I tried playing around with javascript, and soon realized that the fields in citydesk are not 'variables'.  They are more like constants, and except for the limited date arithmetic, you can't manipulate them.

Somewhere here there was a discussion about CD eventually supporting vbscript as a more advanced scripting engine. 

Joel Goldstick
Tuesday, April 9, 2002

darn, while I was testing, Mark beat me to the post!

Joel Goldstick
Tuesday, April 9, 2002

=) At least your post is more thorough than mine, mine was a quick and dirty two sentancer.

Mark W
Tuesday, April 9, 2002

You can do it in JavaScript by rendering each of the articles within named blocks (div, span, table, td, etc.). I place an article ID in the extra2 field for this purpose.

You then use the original loop conditions to render JavaScript code to hide the blocks with the same IDs.

I use a similar technique on my website to render a submenu of articles on the left side of the screen and only display the submenu matching the folder that is currently selected. The folder name is rendered into a JavaScript variable and checked after all the submenus are rendered.

Check out the source for the World Trade Center page under Photos. You'll see that there are named blocks for all the folder submenus. Only the "photomenus" block is made visible.

The code is currently Internet Explorer specific but I will have the site updated to support Netscape this weekend.

My site is at:

Wednesday, April 10, 2002

The low-tech solution that I use: two folders, Articles and Archives. Each time I add an article to the top of the Articles folder, I drag the last article in the folder down one notch to become the first article in the Archive folder (of course, I have the two folders adjacent in my CityDesk tree). Then the scripting is absurdly simply.

Mike Gunderloy
Wednesday, April 10, 2002

Mike, What a sweet elegant solution.

Mark W
Wednesday, April 10, 2002

Mike's way of doing things certainly is simple, but how would you consistently link to a particular article from an external site, you'd probably have to wait until it was moved into the archive. Not ideal.

I agree with TK and Mark, the archive should really contain all articles of that particular type. For the index page you should probably continue to use your {$ foreach 5 x in ... $} style, I would :-)

The other suggestion of using keywords is also good, I would turn it around and use a "Archived" keyword though, but that's just my preference.

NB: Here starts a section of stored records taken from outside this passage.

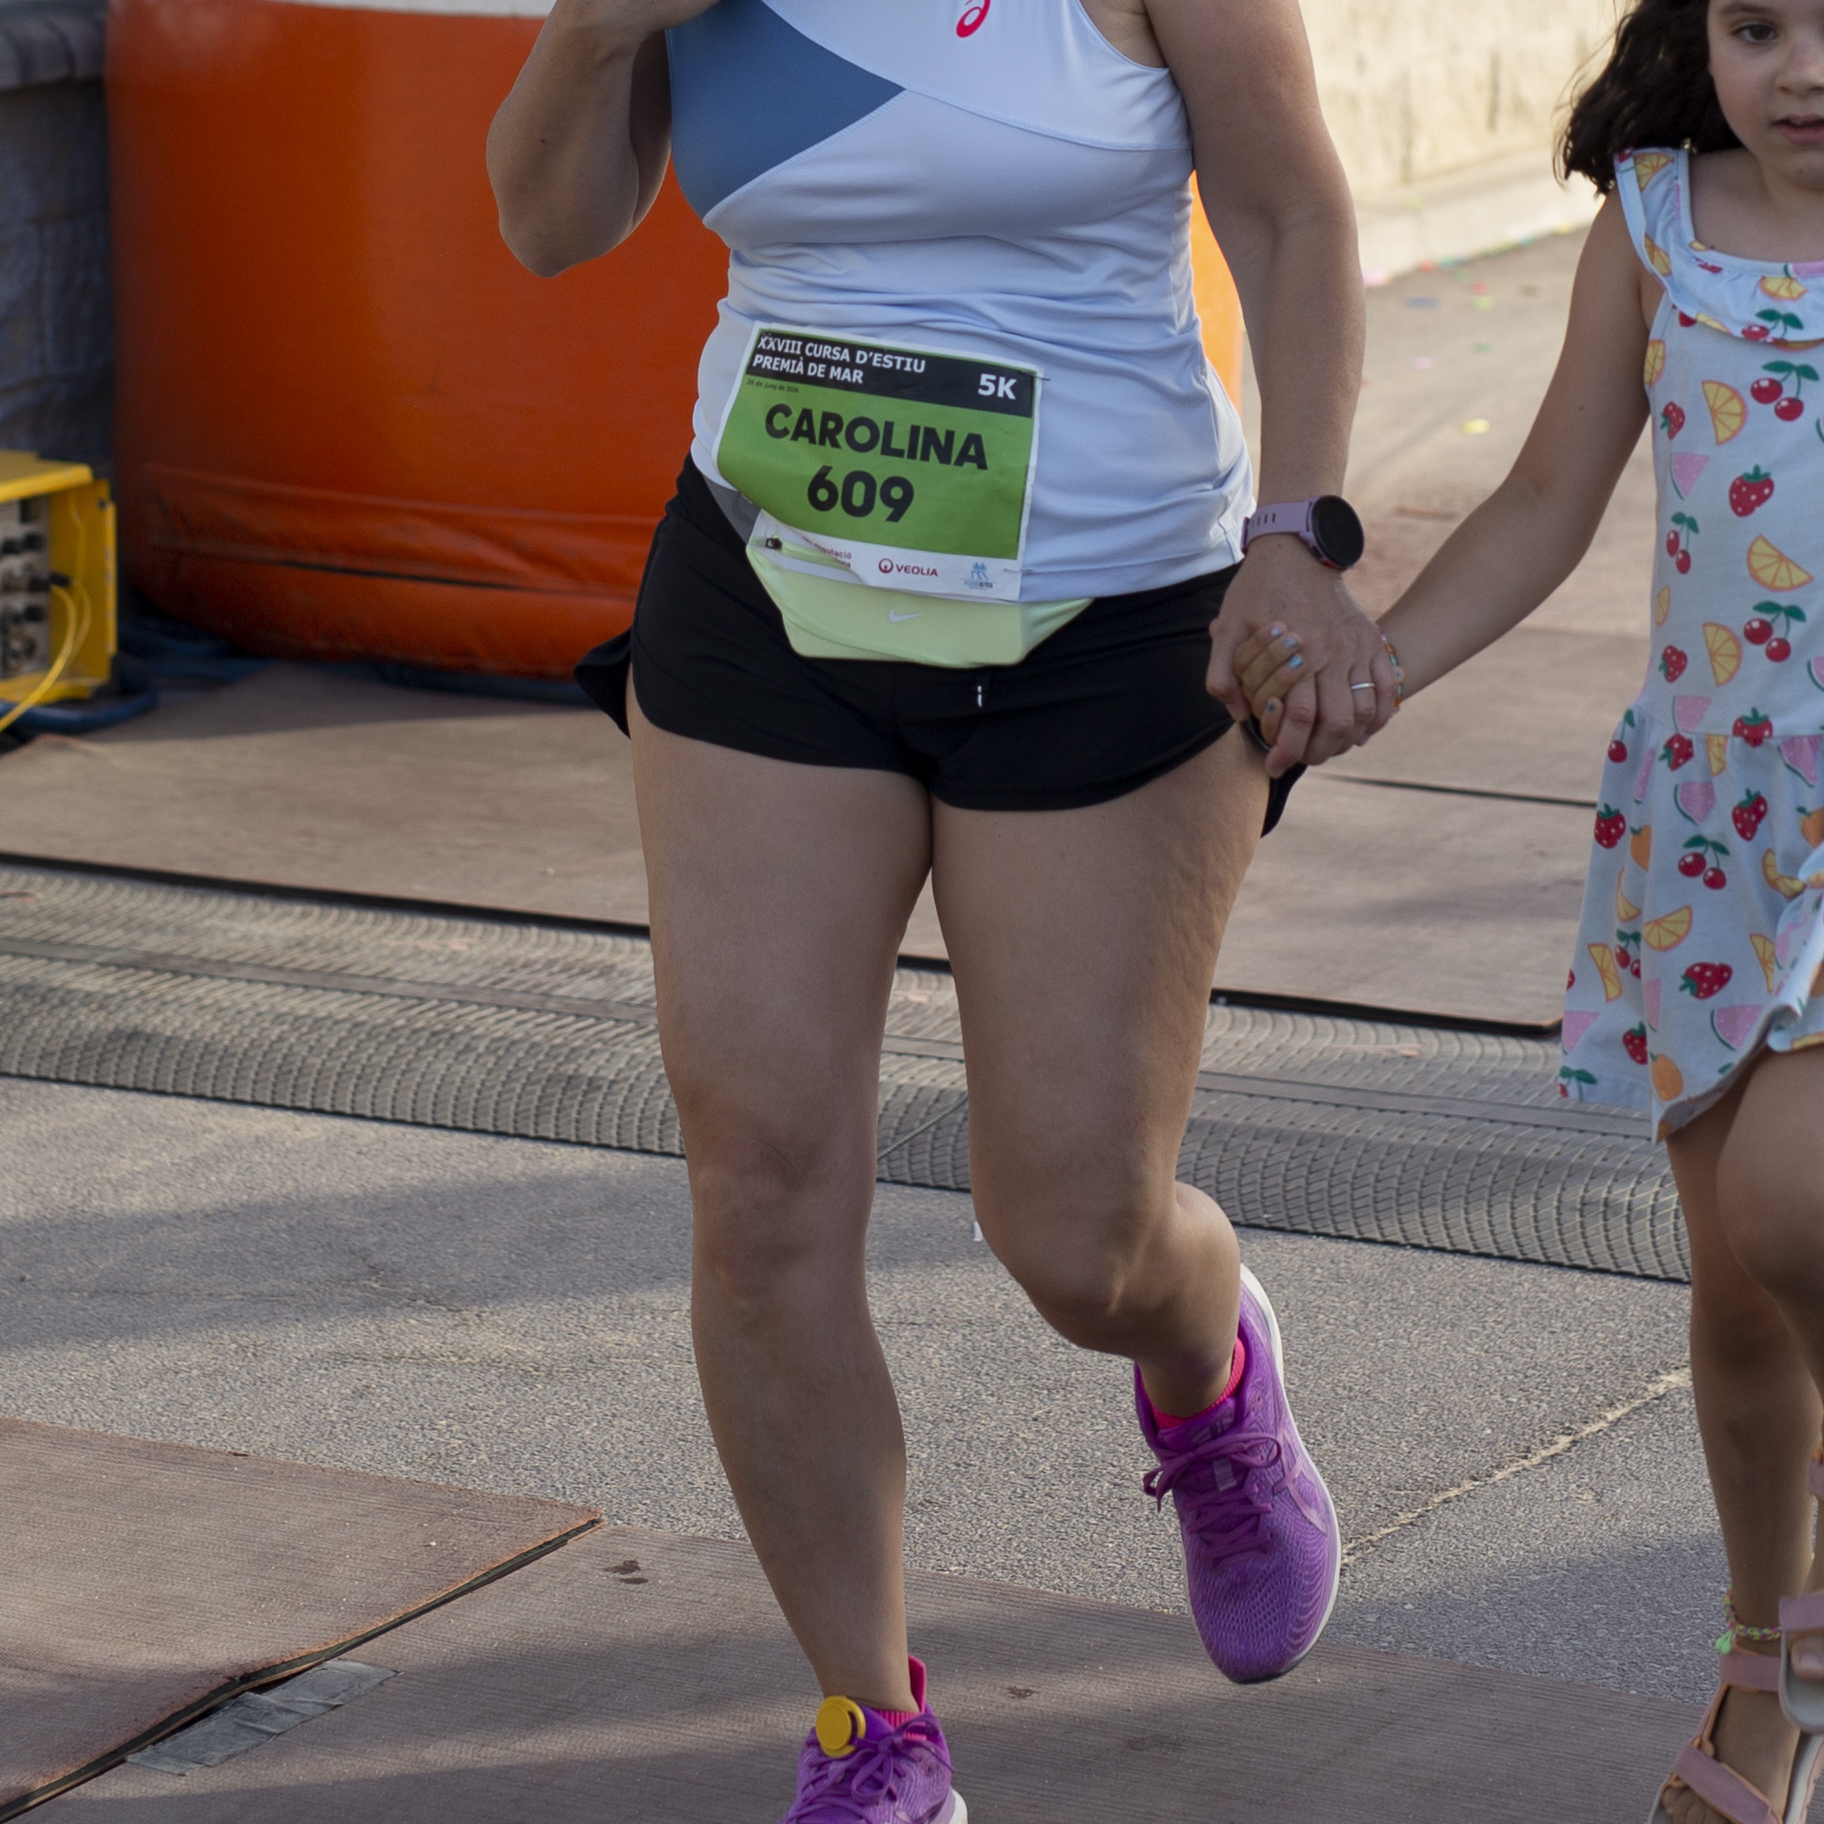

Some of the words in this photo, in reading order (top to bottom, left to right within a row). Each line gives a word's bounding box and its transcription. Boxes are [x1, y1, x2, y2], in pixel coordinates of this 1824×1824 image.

[758, 335, 802, 355] XXVIII
[805, 342, 850, 362] CURSA
[752, 354, 804, 374] PREMIÀ
[807, 362, 827, 377] DE
[829, 366, 863, 384] MAR
[977, 373, 1017, 400] 5K
[764, 403, 988, 470] CAROLINA
[807, 465, 915, 522] 609
[895, 563, 938, 577] VEOLIA

If you use a date based schema you'll most probably have occasions when suddenly you only have one or two articles on the index page, say if you've been away on holiday for a couple of weeks or there just hasn't been any relevant news for a while. It always looks better to have a healthy number of articles on the index page.

Ian Jones
Thursday, April 11, 2002

"The other suggestion of using keywords is also good, I would turn it around and use a "Archived" keyword though, but that's just my preference."


{$foreach in
(not (keyword_contains "Archived") )
(folder "Articles")
) $}

And on the next page, one that brings in everything in the folder Articles AND with the keyword Archived.

But then, I always include everything in the archive, even the current stuff.